As a growing number of countries turn to nuclear energy as a way to achieve energy security and reduce carbon emissions, there is growing rivalry between China, Russia and the US. Russia has established itself as a major supplier of nuclear power plant equipment internationally — and Russian companies would have been in a strong position to complete Belene as the existing equipment was supplied by Atomstroyexport. In neighbouring Romania, China General Nuclear Power Corp. (CGN) was originally picked to expand the Cernavoda nuclear power plant, but Bucharest broke off its agreement with the Chinese company in June 2020 and now plans to work with US, French and Canadian partners instead. 
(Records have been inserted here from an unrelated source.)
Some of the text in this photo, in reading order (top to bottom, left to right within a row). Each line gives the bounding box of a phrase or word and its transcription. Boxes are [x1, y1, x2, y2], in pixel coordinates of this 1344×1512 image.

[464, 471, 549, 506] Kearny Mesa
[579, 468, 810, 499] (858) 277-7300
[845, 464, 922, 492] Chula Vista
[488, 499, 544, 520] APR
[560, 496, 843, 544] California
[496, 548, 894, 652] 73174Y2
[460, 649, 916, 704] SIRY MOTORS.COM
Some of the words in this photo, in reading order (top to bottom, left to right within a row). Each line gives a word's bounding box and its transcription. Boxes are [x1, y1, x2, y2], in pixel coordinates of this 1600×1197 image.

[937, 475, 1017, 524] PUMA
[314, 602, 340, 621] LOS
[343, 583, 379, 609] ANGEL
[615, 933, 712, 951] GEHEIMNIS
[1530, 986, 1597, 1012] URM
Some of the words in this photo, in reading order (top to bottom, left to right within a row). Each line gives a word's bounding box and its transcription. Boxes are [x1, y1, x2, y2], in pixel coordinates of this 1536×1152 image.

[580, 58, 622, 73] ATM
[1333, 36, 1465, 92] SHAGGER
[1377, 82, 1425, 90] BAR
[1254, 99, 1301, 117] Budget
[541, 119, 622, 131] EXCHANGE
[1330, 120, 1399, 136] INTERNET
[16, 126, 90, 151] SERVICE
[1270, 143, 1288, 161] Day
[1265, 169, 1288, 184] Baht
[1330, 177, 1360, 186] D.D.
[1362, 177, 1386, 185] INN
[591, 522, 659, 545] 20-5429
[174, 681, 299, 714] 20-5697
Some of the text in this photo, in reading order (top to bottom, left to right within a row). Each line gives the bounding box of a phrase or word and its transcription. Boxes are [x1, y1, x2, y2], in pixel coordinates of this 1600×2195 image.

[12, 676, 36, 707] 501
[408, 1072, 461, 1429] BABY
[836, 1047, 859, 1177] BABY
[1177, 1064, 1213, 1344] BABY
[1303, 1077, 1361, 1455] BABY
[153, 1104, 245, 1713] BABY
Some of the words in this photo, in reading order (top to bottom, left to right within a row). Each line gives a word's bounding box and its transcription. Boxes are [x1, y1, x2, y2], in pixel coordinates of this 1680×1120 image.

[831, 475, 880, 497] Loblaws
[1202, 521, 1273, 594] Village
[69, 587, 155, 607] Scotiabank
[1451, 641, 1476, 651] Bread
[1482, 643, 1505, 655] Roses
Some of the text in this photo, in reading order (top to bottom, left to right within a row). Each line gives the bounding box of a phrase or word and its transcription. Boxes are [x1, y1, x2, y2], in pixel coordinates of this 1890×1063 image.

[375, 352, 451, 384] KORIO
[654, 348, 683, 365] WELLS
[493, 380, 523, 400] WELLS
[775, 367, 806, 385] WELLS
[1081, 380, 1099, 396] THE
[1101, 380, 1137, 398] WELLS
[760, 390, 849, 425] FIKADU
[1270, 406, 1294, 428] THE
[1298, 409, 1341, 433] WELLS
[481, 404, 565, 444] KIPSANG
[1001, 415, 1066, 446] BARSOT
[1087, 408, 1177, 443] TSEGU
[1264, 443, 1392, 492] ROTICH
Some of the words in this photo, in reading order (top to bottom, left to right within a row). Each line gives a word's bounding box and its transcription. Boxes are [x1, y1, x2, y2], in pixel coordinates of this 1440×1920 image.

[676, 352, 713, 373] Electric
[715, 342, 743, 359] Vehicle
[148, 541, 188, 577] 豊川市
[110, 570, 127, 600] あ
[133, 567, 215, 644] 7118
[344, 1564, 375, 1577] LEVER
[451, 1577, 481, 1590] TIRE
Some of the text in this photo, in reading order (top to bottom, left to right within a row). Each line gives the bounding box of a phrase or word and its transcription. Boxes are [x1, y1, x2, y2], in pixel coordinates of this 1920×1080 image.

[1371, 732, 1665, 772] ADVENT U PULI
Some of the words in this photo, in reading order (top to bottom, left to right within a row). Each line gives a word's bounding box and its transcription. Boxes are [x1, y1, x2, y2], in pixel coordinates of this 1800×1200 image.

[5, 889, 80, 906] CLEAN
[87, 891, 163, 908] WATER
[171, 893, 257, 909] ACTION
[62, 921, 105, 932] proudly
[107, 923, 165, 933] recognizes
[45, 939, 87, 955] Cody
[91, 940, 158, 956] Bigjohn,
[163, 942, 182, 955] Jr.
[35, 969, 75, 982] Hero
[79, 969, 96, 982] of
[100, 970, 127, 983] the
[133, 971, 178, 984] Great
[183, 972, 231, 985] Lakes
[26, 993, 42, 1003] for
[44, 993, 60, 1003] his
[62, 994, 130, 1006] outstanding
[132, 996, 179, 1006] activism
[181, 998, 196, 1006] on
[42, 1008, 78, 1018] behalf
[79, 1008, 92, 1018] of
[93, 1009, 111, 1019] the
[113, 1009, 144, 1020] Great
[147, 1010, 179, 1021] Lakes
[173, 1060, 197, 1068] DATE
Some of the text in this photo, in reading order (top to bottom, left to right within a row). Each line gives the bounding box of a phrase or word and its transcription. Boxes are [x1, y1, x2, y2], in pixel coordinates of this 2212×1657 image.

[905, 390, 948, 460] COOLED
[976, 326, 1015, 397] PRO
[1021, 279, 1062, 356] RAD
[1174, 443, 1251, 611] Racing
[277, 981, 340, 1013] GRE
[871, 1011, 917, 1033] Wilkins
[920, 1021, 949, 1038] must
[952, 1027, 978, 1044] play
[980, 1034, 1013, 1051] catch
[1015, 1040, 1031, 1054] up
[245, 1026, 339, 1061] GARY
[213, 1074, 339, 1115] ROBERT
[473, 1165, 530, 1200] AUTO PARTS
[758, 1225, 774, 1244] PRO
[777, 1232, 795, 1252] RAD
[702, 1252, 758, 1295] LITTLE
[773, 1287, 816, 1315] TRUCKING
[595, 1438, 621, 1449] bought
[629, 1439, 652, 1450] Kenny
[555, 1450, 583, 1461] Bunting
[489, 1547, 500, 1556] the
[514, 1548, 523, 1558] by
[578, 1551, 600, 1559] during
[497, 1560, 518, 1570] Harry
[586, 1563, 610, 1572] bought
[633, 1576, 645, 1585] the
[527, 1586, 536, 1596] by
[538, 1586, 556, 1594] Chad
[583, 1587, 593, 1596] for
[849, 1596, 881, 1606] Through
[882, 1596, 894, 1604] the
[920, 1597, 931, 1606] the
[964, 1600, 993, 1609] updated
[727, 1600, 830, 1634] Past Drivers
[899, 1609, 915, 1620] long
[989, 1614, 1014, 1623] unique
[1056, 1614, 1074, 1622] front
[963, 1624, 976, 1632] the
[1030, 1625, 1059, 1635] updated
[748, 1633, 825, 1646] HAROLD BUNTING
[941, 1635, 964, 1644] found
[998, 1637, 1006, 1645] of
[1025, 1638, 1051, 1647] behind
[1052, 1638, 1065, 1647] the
But there are more fundamental problems with the viability of the Belene project, which has been kept going to a large extent because of the huge sunk costs. 

Sofia may struggle to get EU approval for the project, as the European Commission said when it was revived in 2018 that it will be considered a new project and will only gain approval if the procedure restarts from scratch. 

Experts have repeatedly said that Bulgaria does not need any new nuclear reactors and that the electricity they would produce would be too expensive.

Initially, Bulgaria claimed that Belene would replace the two existing units at Kozloduy once their lifespan ends, but as the two reactors have now been upgraded this is not the case anymore. Then, there were claims that Bulgaria could export the electricity within the region but experts again claim the electricity would not find a market as it would be too expensive. Neighbouring countries are also building their own capacities, and might not need to import electricity at all.